◆ INFORMATION PROVIDED
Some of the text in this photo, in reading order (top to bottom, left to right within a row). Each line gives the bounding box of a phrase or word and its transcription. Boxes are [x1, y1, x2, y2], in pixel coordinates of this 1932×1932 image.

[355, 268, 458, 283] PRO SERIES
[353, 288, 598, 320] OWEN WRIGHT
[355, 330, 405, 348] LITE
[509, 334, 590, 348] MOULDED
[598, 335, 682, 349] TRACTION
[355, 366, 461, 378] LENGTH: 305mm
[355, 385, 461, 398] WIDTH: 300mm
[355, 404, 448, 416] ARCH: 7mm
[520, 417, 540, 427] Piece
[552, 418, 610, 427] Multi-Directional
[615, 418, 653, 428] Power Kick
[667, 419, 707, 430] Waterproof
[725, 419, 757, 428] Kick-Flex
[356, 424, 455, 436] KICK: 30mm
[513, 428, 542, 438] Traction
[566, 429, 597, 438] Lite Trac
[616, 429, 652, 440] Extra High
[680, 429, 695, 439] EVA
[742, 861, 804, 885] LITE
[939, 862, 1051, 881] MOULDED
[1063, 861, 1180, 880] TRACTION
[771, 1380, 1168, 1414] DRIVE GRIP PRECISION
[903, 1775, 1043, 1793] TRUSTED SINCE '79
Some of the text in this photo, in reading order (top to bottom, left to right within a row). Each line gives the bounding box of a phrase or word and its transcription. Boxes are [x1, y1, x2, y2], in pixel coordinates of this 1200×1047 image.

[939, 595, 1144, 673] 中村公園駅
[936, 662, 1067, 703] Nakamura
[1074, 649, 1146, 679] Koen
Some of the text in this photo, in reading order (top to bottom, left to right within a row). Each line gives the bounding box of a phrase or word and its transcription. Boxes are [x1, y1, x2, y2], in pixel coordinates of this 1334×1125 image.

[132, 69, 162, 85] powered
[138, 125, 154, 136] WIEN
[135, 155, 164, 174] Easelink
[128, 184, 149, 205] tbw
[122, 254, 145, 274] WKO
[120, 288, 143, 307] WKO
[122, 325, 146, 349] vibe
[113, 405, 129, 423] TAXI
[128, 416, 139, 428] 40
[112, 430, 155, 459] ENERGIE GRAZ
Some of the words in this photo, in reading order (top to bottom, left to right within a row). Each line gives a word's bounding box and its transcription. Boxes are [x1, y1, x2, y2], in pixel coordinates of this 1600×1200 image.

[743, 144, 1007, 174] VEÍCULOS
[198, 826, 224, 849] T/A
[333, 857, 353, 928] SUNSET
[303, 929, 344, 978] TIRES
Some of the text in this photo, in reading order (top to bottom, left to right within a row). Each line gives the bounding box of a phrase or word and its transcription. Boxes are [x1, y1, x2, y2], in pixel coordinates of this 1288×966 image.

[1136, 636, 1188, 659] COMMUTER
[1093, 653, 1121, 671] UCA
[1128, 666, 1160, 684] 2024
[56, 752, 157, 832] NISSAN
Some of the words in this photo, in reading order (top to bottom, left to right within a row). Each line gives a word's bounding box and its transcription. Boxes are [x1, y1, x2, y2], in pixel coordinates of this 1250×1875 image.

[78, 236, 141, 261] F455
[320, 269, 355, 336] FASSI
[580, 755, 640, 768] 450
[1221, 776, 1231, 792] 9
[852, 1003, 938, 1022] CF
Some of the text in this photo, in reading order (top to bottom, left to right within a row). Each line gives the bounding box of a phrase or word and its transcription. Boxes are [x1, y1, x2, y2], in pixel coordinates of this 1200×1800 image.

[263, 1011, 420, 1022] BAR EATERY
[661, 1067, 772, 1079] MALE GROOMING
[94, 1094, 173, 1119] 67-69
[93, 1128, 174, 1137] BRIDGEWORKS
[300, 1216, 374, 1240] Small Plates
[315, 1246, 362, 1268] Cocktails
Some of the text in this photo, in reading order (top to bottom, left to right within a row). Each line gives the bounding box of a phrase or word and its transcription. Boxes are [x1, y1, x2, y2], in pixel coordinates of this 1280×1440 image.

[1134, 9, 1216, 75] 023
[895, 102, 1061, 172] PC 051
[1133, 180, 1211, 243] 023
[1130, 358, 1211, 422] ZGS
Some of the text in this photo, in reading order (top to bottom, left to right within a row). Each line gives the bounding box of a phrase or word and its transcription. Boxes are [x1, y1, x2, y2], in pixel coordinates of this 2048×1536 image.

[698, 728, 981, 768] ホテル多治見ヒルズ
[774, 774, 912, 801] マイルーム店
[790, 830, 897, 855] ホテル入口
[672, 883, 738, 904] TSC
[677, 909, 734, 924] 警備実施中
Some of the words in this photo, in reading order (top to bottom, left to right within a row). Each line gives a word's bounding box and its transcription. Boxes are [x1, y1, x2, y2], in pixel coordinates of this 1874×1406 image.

◆ ACTIVITY
Transcribe the data above in its entirety, exactly.

◆ THE COMPLETED TASK
Some of the text in this photo, in reading order (top to bottom, left to right within a row). Each line gives the bounding box of a phrase or word and its transcription. Boxes are [x1, y1, x2, y2], in pixel coordinates of this 1932×1932 image.

[355, 268, 458, 283] PRO SERIES
[353, 288, 598, 320] OWEN WRIGHT
[355, 330, 405, 348] LITE
[509, 334, 590, 348] MOULDED
[598, 335, 682, 349] TRACTION
[355, 366, 461, 378] LENGTH: 305mm
[355, 385, 461, 398] WIDTH: 300mm
[355, 404, 448, 416] ARCH: 7mm
[520, 417, 540, 427] Piece
[552, 418, 610, 427] Multi-Directional
[615, 418, 653, 428] Power Kick
[667, 419, 707, 430] Waterproof
[725, 419, 757, 428] Kick-Flex
[356, 424, 455, 436] KICK: 30mm
[513, 428, 542, 438] Traction
[566, 429, 597, 438] Lite Trac
[616, 429, 652, 440] Extra High
[680, 429, 695, 439] EVA
[742, 861, 804, 885] LITE
[939, 862, 1051, 881] MOULDED
[1063, 861, 1180, 880] TRACTION
[771, 1380, 1168, 1414] DRIVE GRIP PRECISION
[903, 1775, 1043, 1793] TRUSTED SINCE '79
Some of the text in this photo, in reading order (top to bottom, left to right within a row). Each line gives the bounding box of a phrase or word and its transcription. Boxes are [x1, y1, x2, y2], in pixel coordinates of this 1200×1047 image.

[939, 595, 1144, 673] 中村公園駅
[936, 662, 1067, 703] Nakamura
[1074, 649, 1146, 679] Koen
Some of the text in this photo, in reading order (top to bottom, left to right within a row). Each line gives the bounding box of a phrase or word and its transcription. Boxes are [x1, y1, x2, y2], in pixel coordinates of this 1334×1125 image.

[132, 69, 162, 85] powered
[138, 125, 154, 136] WIEN
[135, 155, 164, 174] Easelink
[128, 184, 149, 205] tbw
[122, 254, 145, 274] WKO
[120, 288, 143, 307] WKO
[122, 325, 146, 349] vibe
[113, 405, 129, 423] TAXI
[128, 416, 139, 428] 40
[112, 430, 155, 459] ENERGIE GRAZ
Some of the words in this photo, in reading order (top to bottom, left to right within a row). Each line gives a word's bounding box and its transcription. Boxes are [x1, y1, x2, y2], in pixel coordinates of this 1600×1200 image.

[743, 144, 1007, 174] VEÍCULOS
[198, 826, 224, 849] T/A
[333, 857, 353, 928] SUNSET
[303, 929, 344, 978] TIRES
Some of the text in this photo, in reading order (top to bottom, left to right within a row). Each line gives the bounding box of a phrase or word and its transcription. Boxes are [x1, y1, x2, y2], in pixel coordinates of this 1288×966 image.

[1136, 636, 1188, 659] COMMUTER
[1093, 653, 1121, 671] UCA
[1128, 666, 1160, 684] 2024
[56, 752, 157, 832] NISSAN
Some of the words in this photo, in reading order (top to bottom, left to right within a row). Each line gives a word's bounding box and its transcription. Boxes are [x1, y1, x2, y2], in pixel coordinates of this 1250×1875 image.

[78, 236, 141, 261] F455
[320, 269, 355, 336] FASSI
[580, 755, 640, 768] 450
[1221, 776, 1231, 792] 9
[852, 1003, 938, 1022] CF
Some of the text in this photo, in reading order (top to bottom, left to right within a row). Each line gives the bounding box of a phrase or word and its transcription. Boxes are [x1, y1, x2, y2], in pixel coordinates of this 1200×1800 image.

[263, 1011, 420, 1022] BAR EATERY
[661, 1067, 772, 1079] MALE GROOMING
[94, 1094, 173, 1119] 67-69
[93, 1128, 174, 1137] BRIDGEWORKS
[300, 1216, 374, 1240] Small Plates
[315, 1246, 362, 1268] Cocktails
Some of the text in this photo, in reading order (top to bottom, left to right within a row). Each line gives the bounding box of a phrase or word and its transcription. Boxes are [x1, y1, x2, y2], in pixel coordinates of this 1280×1440 image.

[1134, 9, 1216, 75] 023
[895, 102, 1061, 172] PC 051
[1133, 180, 1211, 243] 023
[1130, 358, 1211, 422] ZGS
Some of the text in this photo, in reading order (top to bottom, left to right within a row). Each line gives the bounding box of a phrase or word and its transcription. Boxes are [x1, y1, x2, y2], in pixel coordinates of this 2048×1536 image.

[698, 728, 981, 768] ホテル多治見ヒルズ
[774, 774, 912, 801] マイルーム店
[790, 830, 897, 855] ホテル入口
[672, 883, 738, 904] TSC
[677, 909, 734, 924] 警備実施中
Some of the words in this photo, in reading order (top to bottom, left to right within a row). Each line gives a word's bounding box and its transcription. Boxes are [x1, y1, x2, y2], in pixel coordinates of this 1874×1406 image.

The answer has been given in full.